→ **Exercise materials**
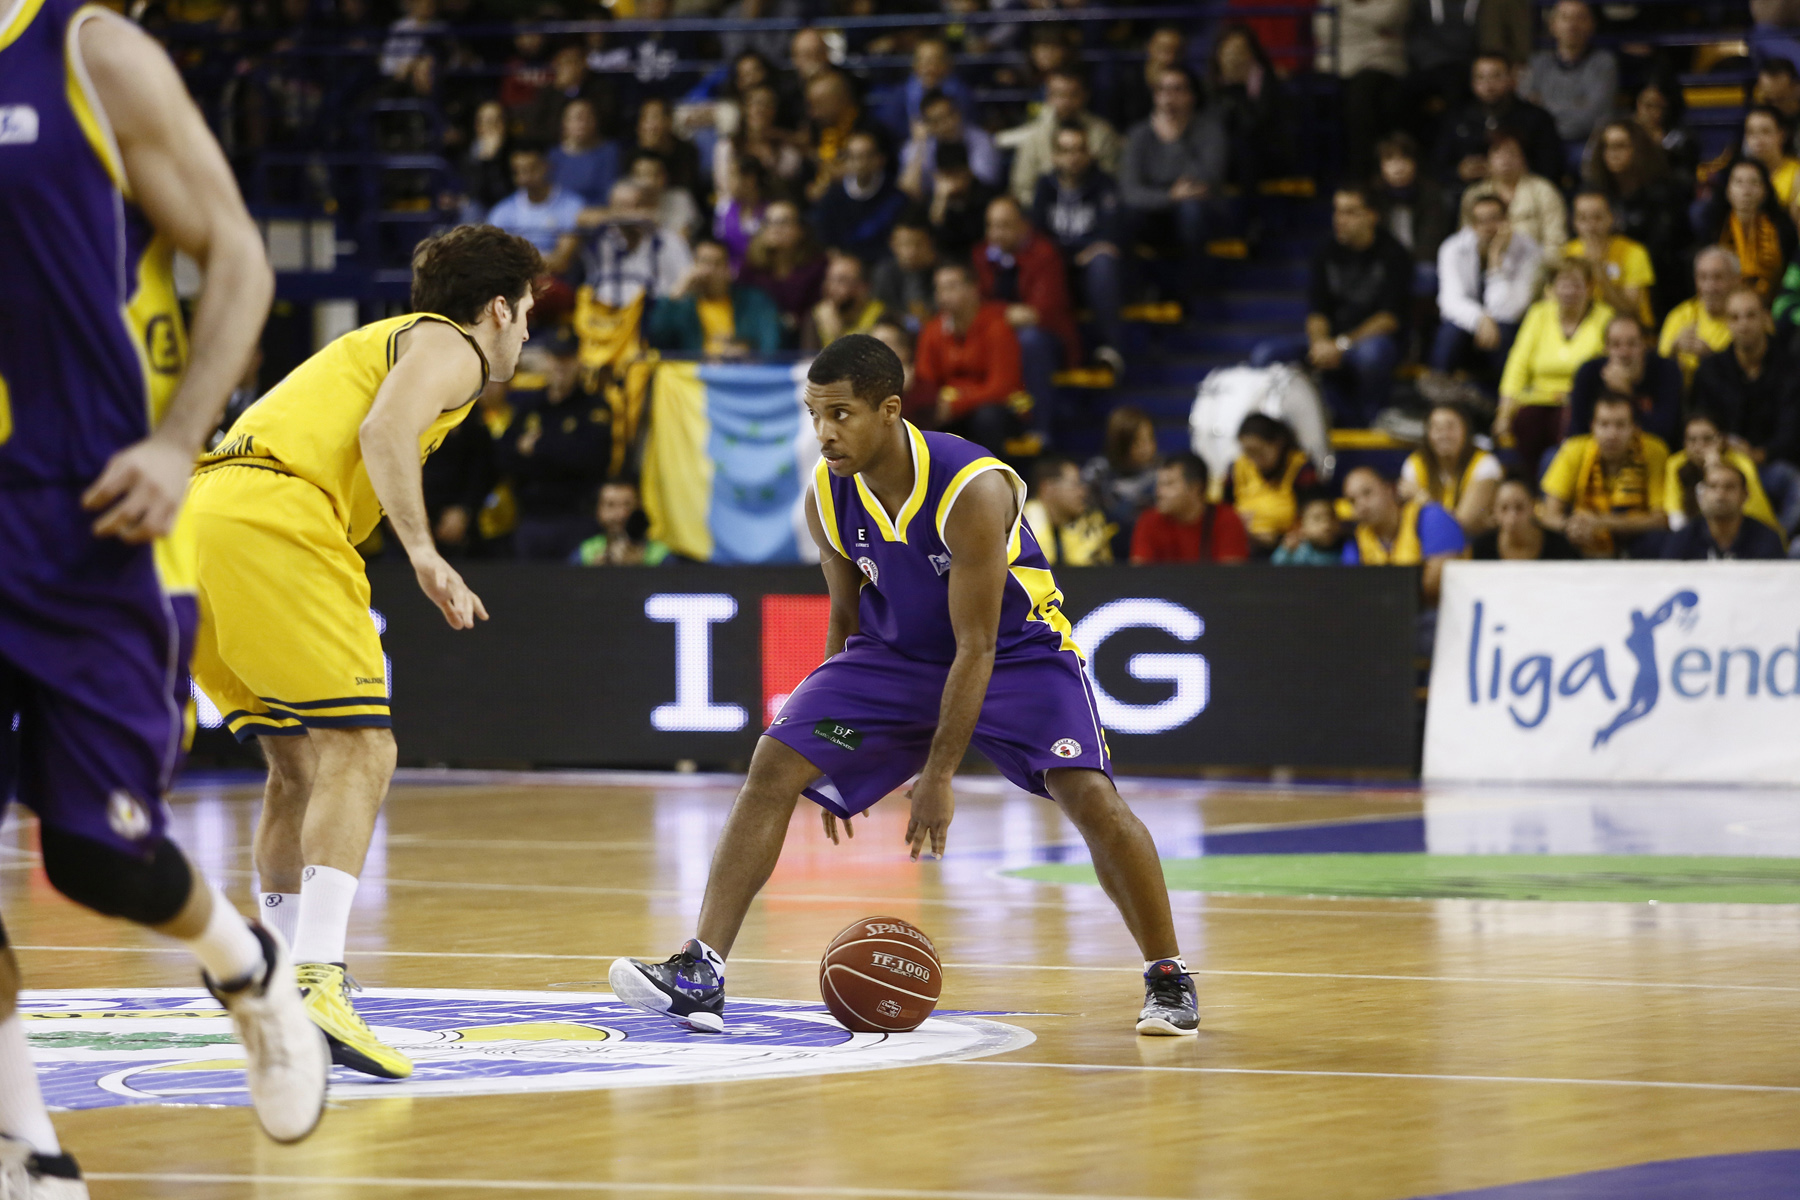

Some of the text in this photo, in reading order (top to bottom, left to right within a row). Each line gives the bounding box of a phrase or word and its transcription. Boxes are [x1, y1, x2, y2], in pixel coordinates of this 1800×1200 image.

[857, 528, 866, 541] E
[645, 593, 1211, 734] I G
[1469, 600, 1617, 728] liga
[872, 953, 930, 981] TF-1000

→ **What you need to do**
Write the records out again exactly as shown above, keeping no pictures.

→ **Answer space**
Some of the text in this photo, in reading order (top to bottom, left to right within a row). Each line gives the bounding box of a phrase or word and its transcription. Boxes are [x1, y1, x2, y2], in pixel coordinates of this 1800×1200 image.

[857, 528, 866, 541] E
[645, 593, 1211, 734] I G
[1469, 600, 1617, 728] liga
[872, 953, 930, 981] TF-1000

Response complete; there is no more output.